### What the task asks
Copy out the entries that follow exactly, leaving every picture behind.
--- Exercise data Enclosed Below ---
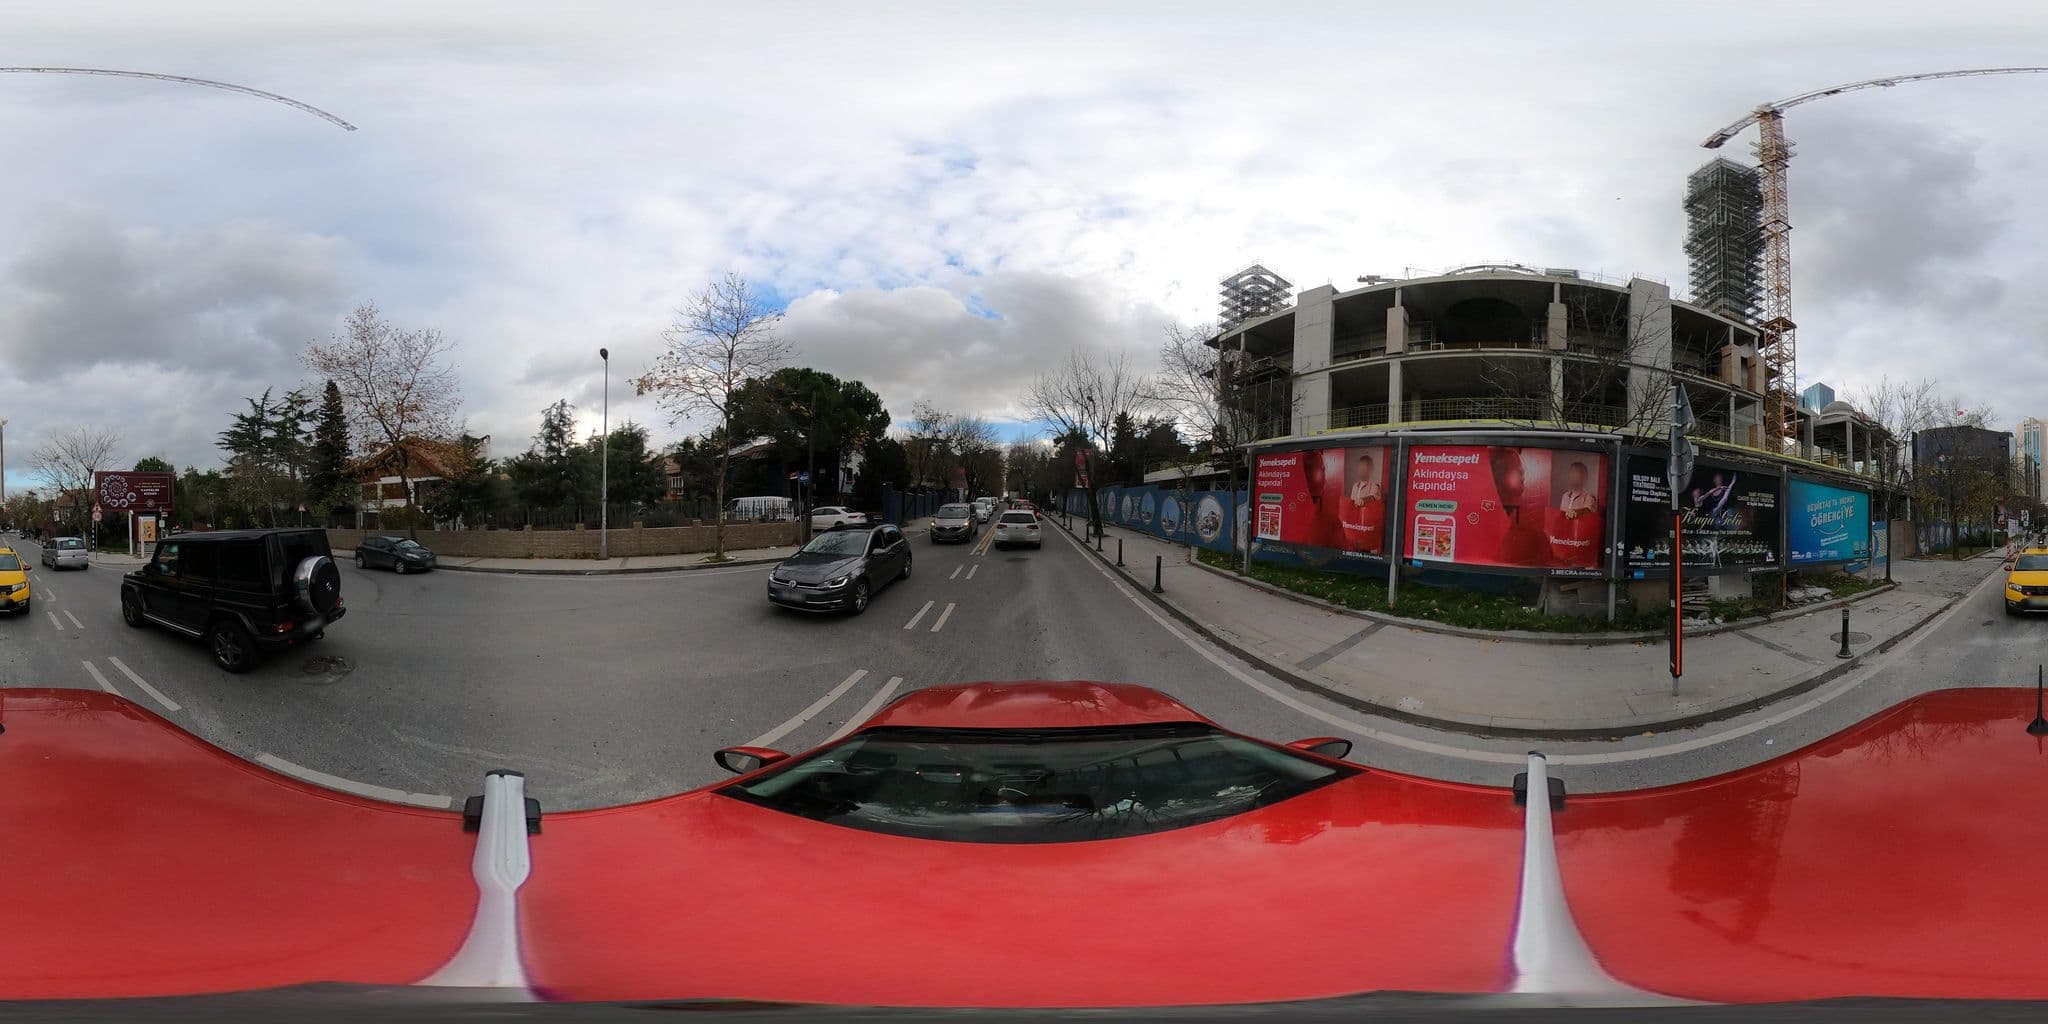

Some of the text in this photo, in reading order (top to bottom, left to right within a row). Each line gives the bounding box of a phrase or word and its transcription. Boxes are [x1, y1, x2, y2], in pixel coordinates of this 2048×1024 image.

[1259, 457, 1297, 468] Yemeksepeti
[1414, 452, 1480, 466] Yemeksepeti
[1413, 469, 1469, 481] Aklındaysa
[1412, 480, 1456, 492] kapında!
[1681, 506, 1744, 530] Kuğu Gölü
--- End of Enclosed Exercise data ---
### Output of the task
Some of the text in this photo, in reading order (top to bottom, left to right within a row). Each line gives the bounding box of a phrase or word and its transcription. Boxes are [x1, y1, x2, y2], in pixel coordinates of this 2048×1024 image.

[1259, 457, 1297, 468] Yemeksepeti
[1414, 452, 1480, 466] Yemeksepeti
[1413, 469, 1469, 481] Aklındaysa
[1412, 480, 1456, 492] kapında!
[1681, 506, 1744, 530] Kuğu Gölü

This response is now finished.